The task:
Your output should repeat each record below with no differences.

*** Opening of Records for this exercise ***

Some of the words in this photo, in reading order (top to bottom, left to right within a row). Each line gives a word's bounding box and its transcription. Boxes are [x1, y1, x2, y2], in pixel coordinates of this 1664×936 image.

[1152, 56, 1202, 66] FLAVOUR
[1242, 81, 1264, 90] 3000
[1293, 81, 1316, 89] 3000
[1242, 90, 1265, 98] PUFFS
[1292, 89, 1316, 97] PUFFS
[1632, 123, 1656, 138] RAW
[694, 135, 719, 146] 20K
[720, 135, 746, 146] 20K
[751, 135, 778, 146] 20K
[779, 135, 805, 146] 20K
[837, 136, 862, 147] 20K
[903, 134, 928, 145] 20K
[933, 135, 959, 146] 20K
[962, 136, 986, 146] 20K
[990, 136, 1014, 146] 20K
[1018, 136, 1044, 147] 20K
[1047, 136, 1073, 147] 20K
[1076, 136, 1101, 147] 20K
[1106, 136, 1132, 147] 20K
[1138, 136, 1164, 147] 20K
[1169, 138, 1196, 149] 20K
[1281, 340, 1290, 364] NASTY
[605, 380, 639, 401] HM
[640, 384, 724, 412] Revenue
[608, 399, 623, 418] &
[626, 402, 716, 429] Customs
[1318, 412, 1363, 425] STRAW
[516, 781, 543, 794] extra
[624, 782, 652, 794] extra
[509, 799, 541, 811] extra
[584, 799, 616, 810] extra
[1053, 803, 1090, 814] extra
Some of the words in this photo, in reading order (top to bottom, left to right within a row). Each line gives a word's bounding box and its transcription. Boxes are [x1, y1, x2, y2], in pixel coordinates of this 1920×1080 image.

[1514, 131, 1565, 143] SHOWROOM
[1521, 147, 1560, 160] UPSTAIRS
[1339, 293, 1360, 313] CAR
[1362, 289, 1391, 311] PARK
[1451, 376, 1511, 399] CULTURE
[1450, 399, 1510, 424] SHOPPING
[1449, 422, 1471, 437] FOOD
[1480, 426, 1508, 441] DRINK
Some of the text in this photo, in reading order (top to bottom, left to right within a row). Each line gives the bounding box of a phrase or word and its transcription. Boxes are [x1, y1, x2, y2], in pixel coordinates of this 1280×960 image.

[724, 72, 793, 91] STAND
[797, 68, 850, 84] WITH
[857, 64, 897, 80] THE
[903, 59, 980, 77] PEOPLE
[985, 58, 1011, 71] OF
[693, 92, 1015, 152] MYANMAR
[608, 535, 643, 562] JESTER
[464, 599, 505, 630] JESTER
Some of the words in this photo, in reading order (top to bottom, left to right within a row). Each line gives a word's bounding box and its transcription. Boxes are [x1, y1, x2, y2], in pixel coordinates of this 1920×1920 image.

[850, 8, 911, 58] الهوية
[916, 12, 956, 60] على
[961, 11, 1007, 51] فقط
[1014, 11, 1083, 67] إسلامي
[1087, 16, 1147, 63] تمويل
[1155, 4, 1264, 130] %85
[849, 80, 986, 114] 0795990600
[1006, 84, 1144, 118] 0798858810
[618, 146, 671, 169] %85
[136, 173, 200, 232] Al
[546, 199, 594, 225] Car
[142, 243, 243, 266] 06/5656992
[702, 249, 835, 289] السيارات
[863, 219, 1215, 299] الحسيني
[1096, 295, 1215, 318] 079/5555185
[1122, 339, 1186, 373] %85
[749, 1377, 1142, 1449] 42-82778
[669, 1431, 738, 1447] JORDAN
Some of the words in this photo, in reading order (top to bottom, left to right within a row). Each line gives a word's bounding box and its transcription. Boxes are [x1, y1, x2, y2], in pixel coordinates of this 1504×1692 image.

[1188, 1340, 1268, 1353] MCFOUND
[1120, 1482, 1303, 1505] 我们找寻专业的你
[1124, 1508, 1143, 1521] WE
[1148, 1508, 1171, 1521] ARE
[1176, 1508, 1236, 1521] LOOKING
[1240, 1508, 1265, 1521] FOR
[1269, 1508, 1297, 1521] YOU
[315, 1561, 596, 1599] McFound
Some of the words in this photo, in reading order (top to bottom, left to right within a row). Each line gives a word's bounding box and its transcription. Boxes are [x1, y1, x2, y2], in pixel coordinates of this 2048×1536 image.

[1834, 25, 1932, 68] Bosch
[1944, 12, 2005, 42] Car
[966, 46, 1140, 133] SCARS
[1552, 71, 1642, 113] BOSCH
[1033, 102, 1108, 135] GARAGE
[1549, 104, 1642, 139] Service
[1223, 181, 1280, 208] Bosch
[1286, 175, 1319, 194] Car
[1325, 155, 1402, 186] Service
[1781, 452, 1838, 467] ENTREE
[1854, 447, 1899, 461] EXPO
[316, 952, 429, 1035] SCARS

*** Close of Records for this exercise ***

Solution below:
Some of the words in this photo, in reading order (top to bottom, left to right within a row). Each line gives a word's bounding box and its transcription. Boxes are [x1, y1, x2, y2], in pixel coordinates of this 1664×936 image.

[1152, 56, 1202, 66] FLAVOUR
[1242, 81, 1264, 90] 3000
[1293, 81, 1316, 89] 3000
[1242, 90, 1265, 98] PUFFS
[1292, 89, 1316, 97] PUFFS
[1632, 123, 1656, 138] RAW
[694, 135, 719, 146] 20K
[720, 135, 746, 146] 20K
[751, 135, 778, 146] 20K
[779, 135, 805, 146] 20K
[837, 136, 862, 147] 20K
[903, 134, 928, 145] 20K
[933, 135, 959, 146] 20K
[962, 136, 986, 146] 20K
[990, 136, 1014, 146] 20K
[1018, 136, 1044, 147] 20K
[1047, 136, 1073, 147] 20K
[1076, 136, 1101, 147] 20K
[1106, 136, 1132, 147] 20K
[1138, 136, 1164, 147] 20K
[1169, 138, 1196, 149] 20K
[1281, 340, 1290, 364] NASTY
[605, 380, 639, 401] HM
[640, 384, 724, 412] Revenue
[608, 399, 623, 418] &
[626, 402, 716, 429] Customs
[1318, 412, 1363, 425] STRAW
[516, 781, 543, 794] extra
[624, 782, 652, 794] extra
[509, 799, 541, 811] extra
[584, 799, 616, 810] extra
[1053, 803, 1090, 814] extra
Some of the words in this photo, in reading order (top to bottom, left to right within a row). Each line gives a word's bounding box and its transcription. Boxes are [x1, y1, x2, y2], in pixel coordinates of this 1920×1080 image.

[1514, 131, 1565, 143] SHOWROOM
[1521, 147, 1560, 160] UPSTAIRS
[1339, 293, 1360, 313] CAR
[1362, 289, 1391, 311] PARK
[1451, 376, 1511, 399] CULTURE
[1450, 399, 1510, 424] SHOPPING
[1449, 422, 1471, 437] FOOD
[1480, 426, 1508, 441] DRINK
Some of the text in this photo, in reading order (top to bottom, left to right within a row). Each line gives the bounding box of a phrase or word and its transcription. Boxes are [x1, y1, x2, y2], in pixel coordinates of this 1280×960 image.

[724, 72, 793, 91] STAND
[797, 68, 850, 84] WITH
[857, 64, 897, 80] THE
[903, 59, 980, 77] PEOPLE
[985, 58, 1011, 71] OF
[693, 92, 1015, 152] MYANMAR
[608, 535, 643, 562] JESTER
[464, 599, 505, 630] JESTER
Some of the words in this photo, in reading order (top to bottom, left to right within a row). Each line gives a word's bounding box and its transcription. Boxes are [x1, y1, x2, y2], in pixel coordinates of this 1920×1920 image.

[850, 8, 911, 58] الهوية
[916, 12, 956, 60] على
[961, 11, 1007, 51] فقط
[1014, 11, 1083, 67] إسلامي
[1087, 16, 1147, 63] تمويل
[1155, 4, 1264, 130] %85
[849, 80, 986, 114] 0795990600
[1006, 84, 1144, 118] 0798858810
[618, 146, 671, 169] %85
[136, 173, 200, 232] Al
[546, 199, 594, 225] Car
[142, 243, 243, 266] 06/5656992
[702, 249, 835, 289] السيارات
[863, 219, 1215, 299] الحسيني
[1096, 295, 1215, 318] 079/5555185
[1122, 339, 1186, 373] %85
[749, 1377, 1142, 1449] 42-82778
[669, 1431, 738, 1447] JORDAN
Some of the words in this photo, in reading order (top to bottom, left to right within a row). Each line gives a word's bounding box and its transcription. Boxes are [x1, y1, x2, y2], in pixel coordinates of this 1504×1692 image.

[1188, 1340, 1268, 1353] MCFOUND
[1120, 1482, 1303, 1505] 我们找寻专业的你
[1124, 1508, 1143, 1521] WE
[1148, 1508, 1171, 1521] ARE
[1176, 1508, 1236, 1521] LOOKING
[1240, 1508, 1265, 1521] FOR
[1269, 1508, 1297, 1521] YOU
[315, 1561, 596, 1599] McFound
Some of the words in this photo, in reading order (top to bottom, left to right within a row). Each line gives a word's bounding box and its transcription. Boxes are [x1, y1, x2, y2], in pixel coordinates of this 2048×1536 image.

[1834, 25, 1932, 68] Bosch
[1944, 12, 2005, 42] Car
[966, 46, 1140, 133] SCARS
[1552, 71, 1642, 113] BOSCH
[1033, 102, 1108, 135] GARAGE
[1549, 104, 1642, 139] Service
[1223, 181, 1280, 208] Bosch
[1286, 175, 1319, 194] Car
[1325, 155, 1402, 186] Service
[1781, 452, 1838, 467] ENTREE
[1854, 447, 1899, 461] EXPO
[316, 952, 429, 1035] SCARS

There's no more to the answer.